Kriteria baru untuk VaMCI termasuk empat tipe: amnestik, amnestik plus domain lain,
non-amnestic single domain, dan non-amnestic multiple domains. Untuk menurunkan
kemungkinan misklasifikasi dari VaMCI, setidaknya empat domain kognitif harus diperiksa,
termasuk memori, fungsi visuospasial, fungsi eksekutif/atensi, dan bahasa. Kriteria untuk
probable dan possible VaMCI mirip untuk VaD yang disebutkan di atas, kecuali bahwa derajat
gangguan pada aktivitas instrumental dari kehidupan sehari-hari tidak lebih dari gangguan ringan
(American Heart Association/American Stroke Association). Kategori dari VaMCI tidak stabil
ditunda untuk pasien yang gejalanya berkurang dan kembali normal. Possible VaD (atau
VaMCI) mirip dengan Probable VaD/VaMCI, tetapi mungkin tidak pasti pada kondisi berikut:
hubungan waktu antara kejadian vaskuler dan disfungsi kognitif, data imaging yang tidak cukup
atau bukti penyebab neurodegeneratif yang terjadi bersamaan. Penyebab reversibel dari MCI dan
VaMCI membutuhkan kewaspadaan pada sebagian klinisi. Hipotiroidisme, defisiensi cobalamin
(vitamin B12) dan gangguan metabolisme yang berhubungan dengan kondisi medis kronis atau
akut seperti insufisiensi renal, gagal liver dan anemia sebaiknya dieksklusi dengan melakukan
pemeriksaan darah yang sesuai. Sejumlah kondisi vaskuler dapat menyebabkan penyebab
gangguan kognitif yang berpotensi reversibel. Gagal jantung kongestif menyebbakan
pengurangan perfusi otak, khususnya jika ejection fraction turun di bawah 20% dan terapi medis
seperti transplantasi jantung dapat menyebabkan perbaikan kondisi. Demikian pula oklusi
pembuluh darah besar dapat menyebabkan gangguan kognitif yang berpotensi reversibel.
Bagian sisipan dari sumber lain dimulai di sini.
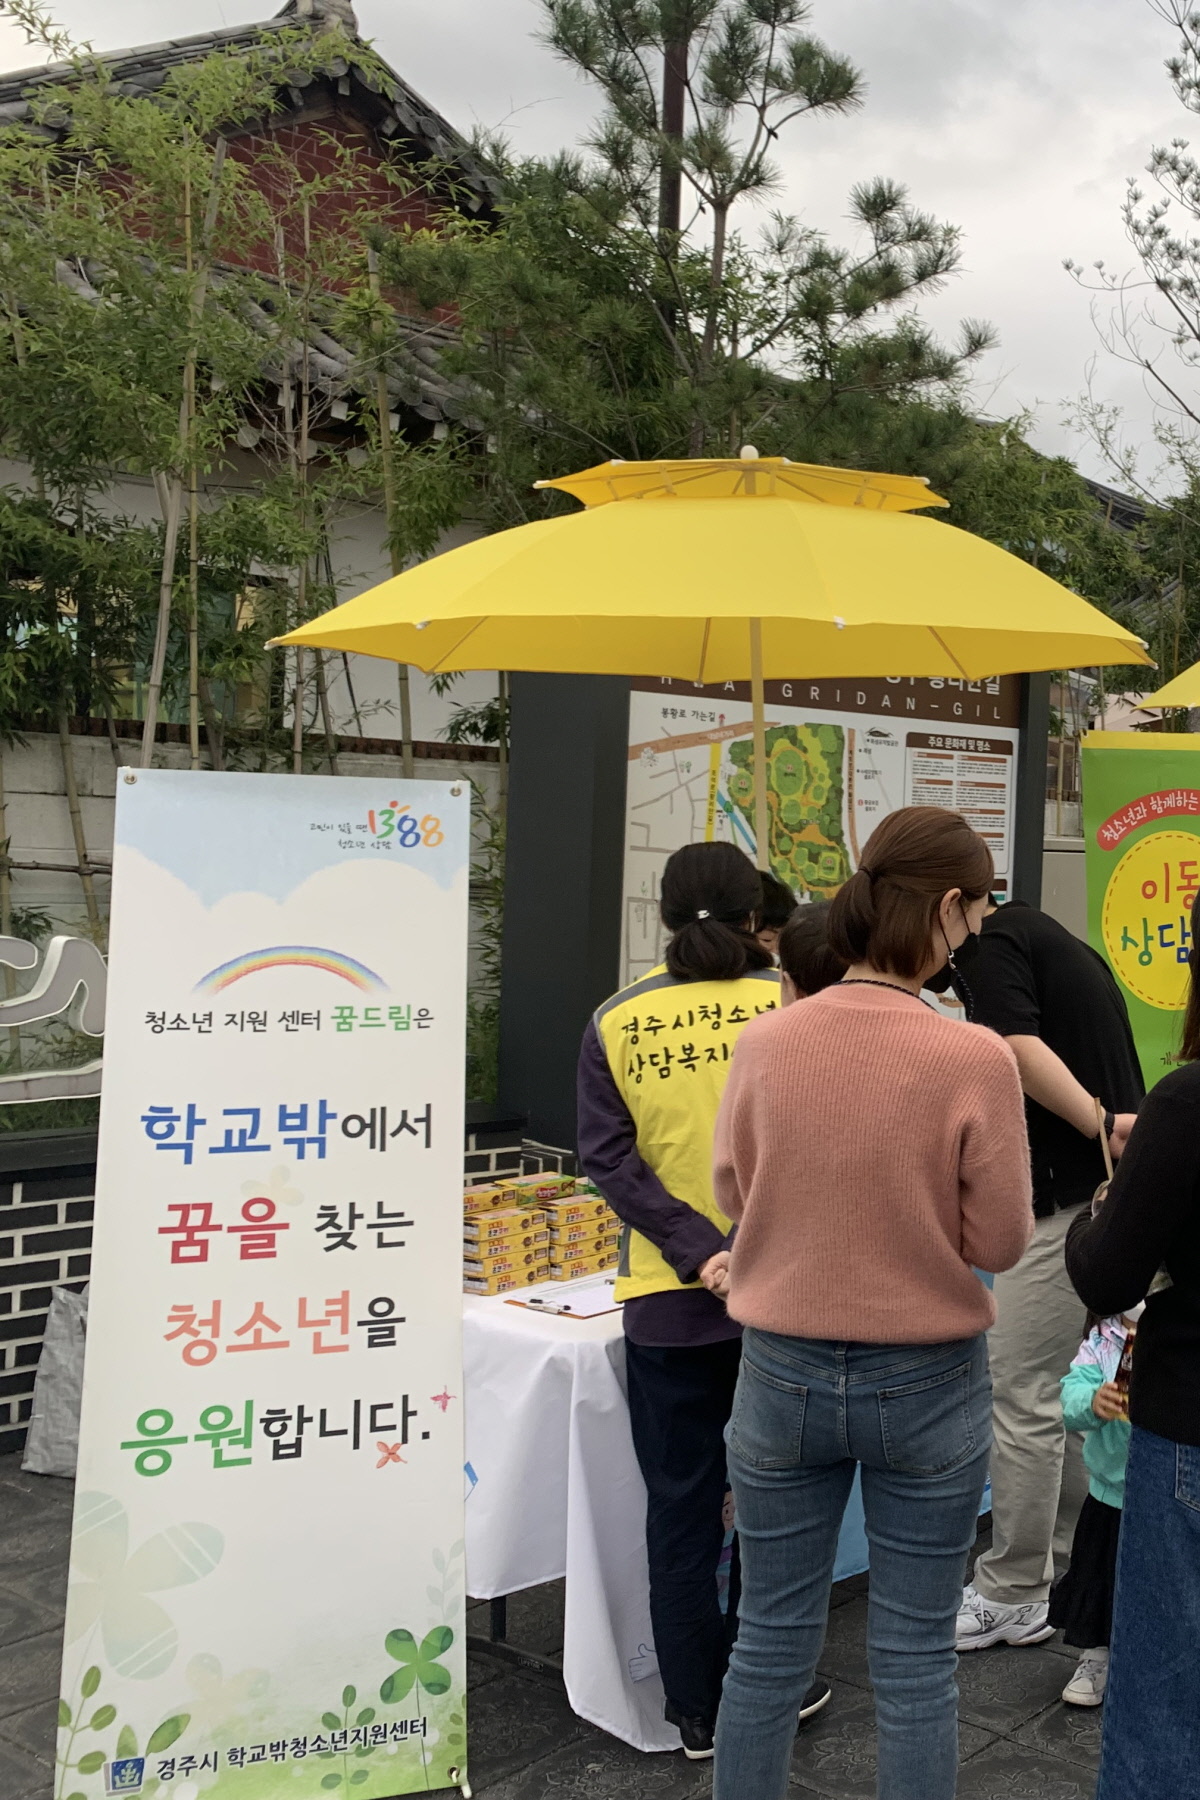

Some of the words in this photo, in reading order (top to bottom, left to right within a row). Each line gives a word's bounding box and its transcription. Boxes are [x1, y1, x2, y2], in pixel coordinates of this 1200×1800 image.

[661, 707, 687, 719] 봉황로
[691, 710, 716, 723] 가는길
[928, 736, 944, 748] 주요
[945, 737, 967, 750] 문화재
[968, 740, 976, 751] 및
[977, 740, 992, 752] 명소
[367, 803, 445, 849] 1388
[1102, 802, 1148, 841] 청소년과
[1149, 790, 1200, 814] 함께하는
[338, 839, 366, 849] 청소년
[370, 840, 392, 850] 상담
[145, 1010, 214, 1034] 청소년
[224, 1010, 268, 1032] 지원
[277, 1009, 321, 1032] 센터
[331, 1004, 434, 1032] 꿈드림은
[141, 1099, 432, 1165] 학교밖에서
[158, 1197, 290, 1264] 꿈을
[314, 1201, 415, 1253] 찾는
[163, 1290, 406, 1367] 청소년을
[120, 1395, 430, 1477] 응원합니다.
[156, 1751, 219, 1781] 경주시
[226, 1716, 428, 1769] 학교밖청소년지원센터
Sebagai contoh, beberapa pasien dengan oklusi karotis bilateral yang menjalani bypass
ekstrakranial ke intracranial mengalami perbaikan kognitif yang dramatik. Namun, juga penting
untuk ditekankan bahwa pasien dengan patologi AD lanjut sedang tidak memperoleh manfaat
dari endarterectomy karotis, sehingga pasien sebaiknya berhati-hati dalam memilih dasar kasus
demi kasus untuk tipe prosedur ini.
Pencegahan Mild Cognitive Impairment Di Antara Orang Lanjut Usia Normal Yang
Berisiko Secara Kognitif
Pelajaran paling penting yang didapatkan untuk pencegahan penyakit arteri koroner juga
dapat diterapkan untuk pencegahan gangguan kognitif. Pengukuran ini termasuk yang
berhubungan dengan perubahan gaya hidup dan managemen cermat semua faktor risiko medis
untuk penyakit vaskuler. Di samping itu, penting untuk mencegah penggunaan kronis
pengobatan, yang biasanya digunakan pada usia lanjut, yaitu antikolinergik dan sedative (seperti
benzodiazepine) dan juga penting untuk mencegah konsumsi berlebihan dari alkohol. Pada
akhirnya, suplemen dan peresepan pengobatan tertentu memiliki potensi untuk mengurangi
risiko kemunduran kognitif pada akhir kehidupan.